Di Juppandang ( Makassar ) saya dimasukkan sekolah ke SMA Kristen Batu Putih oleh kerabat orangtua Abd
Halim Saleng Kepala Tata Usaha di sekolah itu. Bunda Fatimah isteri beliau yang sangat memperhatikan saya.
Kemudian saya ditampung oleh keluarga Kapten Onggang Alam dan Pawelli bersaudara Jufriah dan Hamsina di
Losmen Segara.
Di sekolah, saya mendapatkan kebaikan dari banyak teman antara lain Baso Makkatang, sepupu Sjamsuddin Daeng Mangawing dan Mahmudin krabat dekat bunda Darsiah Rusdy Akib.
Kedua sahabat ini sering mengajak saya menginap di rumahnya dan mengenalkan dengan kekuarganya di jalan Karunrung dan Emy Saelan.
Selama di Makassar tak dapat saya lupakan sering bersama tidur sekelambu di rumah kak Aspar Paturusi dan Kak Ihsan Saleh, kedua beliau itu adalah sastrawan penyair.
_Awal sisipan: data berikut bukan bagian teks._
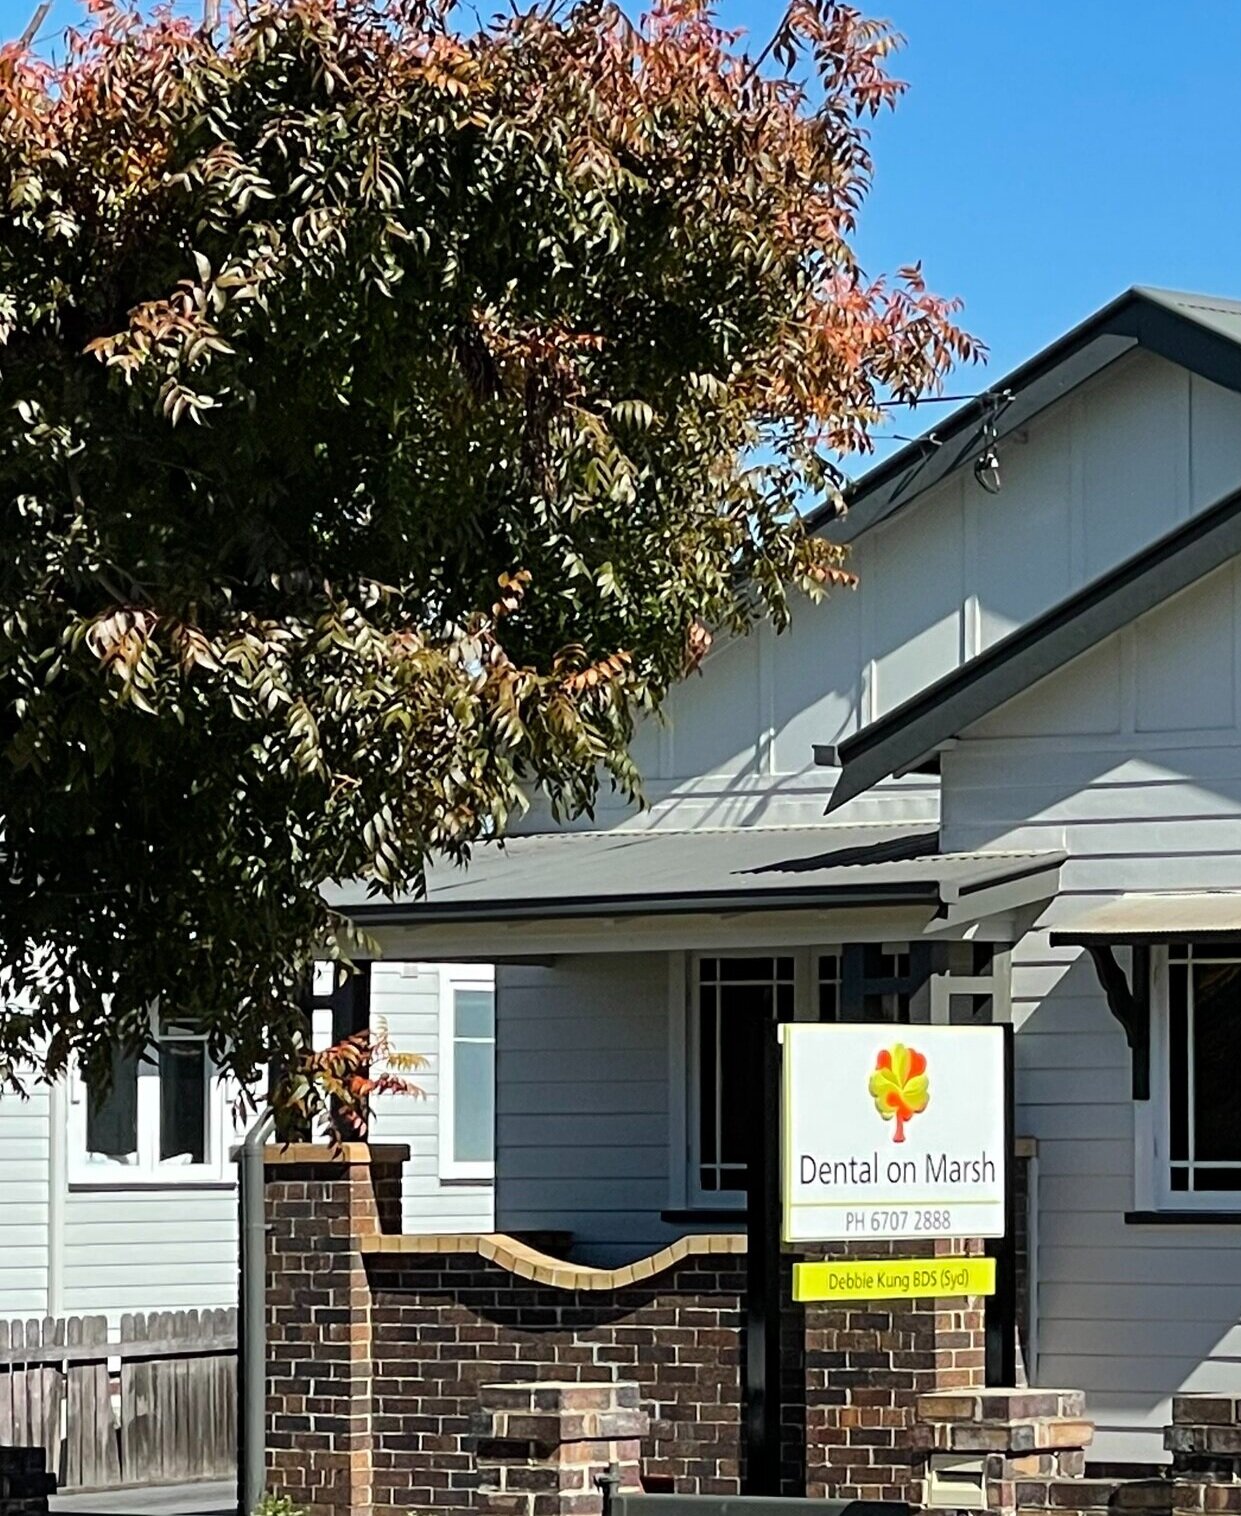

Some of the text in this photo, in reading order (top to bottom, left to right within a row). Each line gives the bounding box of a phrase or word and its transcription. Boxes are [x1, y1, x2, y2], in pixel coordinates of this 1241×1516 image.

[800, 1151, 996, 1184] Dental on Marsh
[845, 1210, 952, 1232] PH 6707 2888
[828, 1268, 970, 1292] Debbie Kung BDS (Syd)
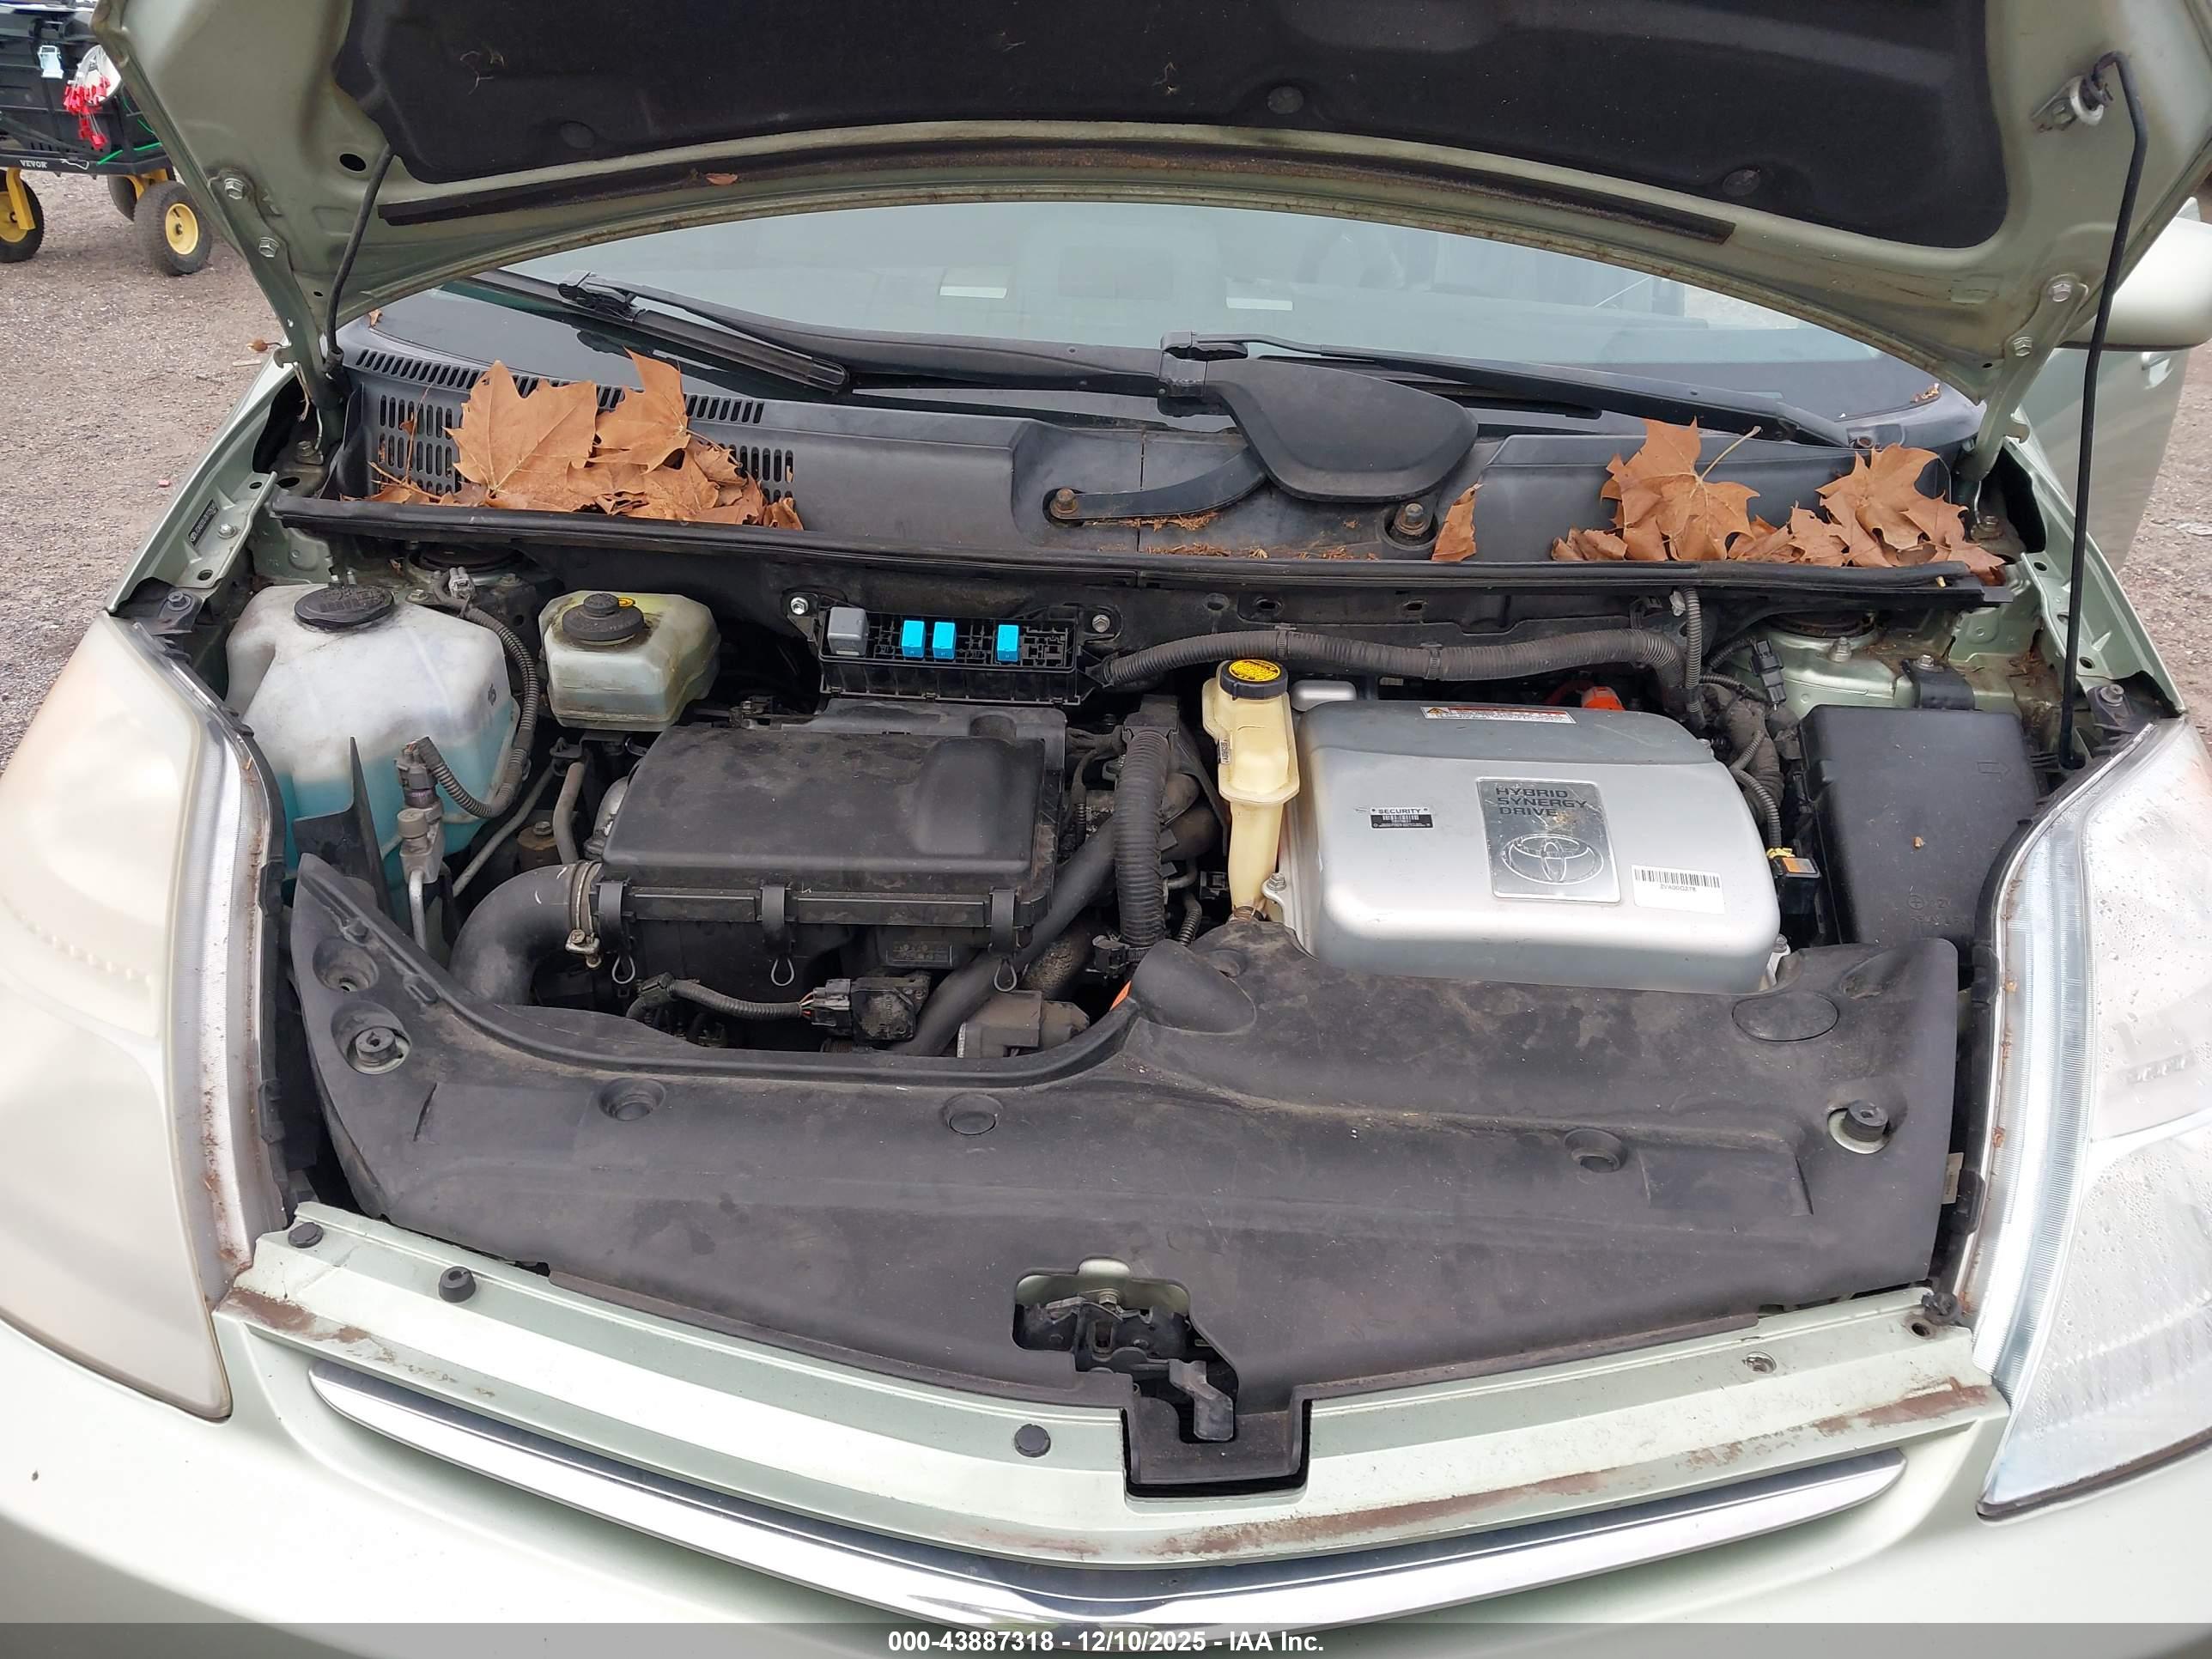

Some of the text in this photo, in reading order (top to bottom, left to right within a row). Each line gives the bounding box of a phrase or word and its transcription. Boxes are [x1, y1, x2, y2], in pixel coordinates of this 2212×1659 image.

Dan Kak Ihsan piawai memainkan biola.
Hijrah ke Jakarta atas budi baik dari Remiz Parenrengi, Ketua PARFI Makassar dan Rahman Arge, Ketua Dewan Kesenian Makassar.
Kemudian di Jakarta, saya lama beradaptasi di Taman Ismail Marzuki atas kebaikan Daeng Aji Zainal Bintang yang mendekatkan saya dengan kedua adiknya Ilham, Firman dan kerabat lainnya.
Saya menjadi Kepala Hubungan Masyarakat Pengurus Besar PARFI dua periode masa jabatan kepemimpinan Ketua Umum Ratno Timoer.
Di Jakarta ini mendapat perhatian khusus dari Daeng Jafa dan Iisterinya Kak Oni, menjadi kakak tertua sekaligus orangtua yang mengayomi.
Kemudian mendapat kepercayaan menjadi Sekretaris Pelaksana Beddu Amang yang mengemban amanah Ketua Umum BPP KKSS tiga oriode dari tahun 1990.
Berlanjut dengan jabatan amanah pengabdian yang sama mendampingi Muhammad Alwi Hamu yang memimpin Institut Lembang Sembilan, lembaga pengkajian masalah pemerintahan dan pambangunan yang bermitra dengan pemerintahan dari SBY sampai Jokowi.
Di akhir pengantar ini saya kutipkan pesan dari dua sahabat, budayawan dan wartawan senior Muchtar Andre, hal jazarul ilhasan ilal ikhsan/tak ada kebaikan melainkan dibalas dengan kebaikan.
Bambang Oeban, budayawan dan seniman multitalenta yang menyandarkan filosofi berkarya yang mengandung unsur bersifat Alamiah, llmiah, dan Ilahiyah.
Terima kasih saya yang tulus kepada semua pihak yang telah memberi perhatian moril dan materil hingga terwujudnya buku ini.
Mohon maaf, saya tidak menyebutkan satu persatu namanya dan semuanya itu terekam dalam batin ingatan.
Mohon doa dan restunya topada salama wassalam.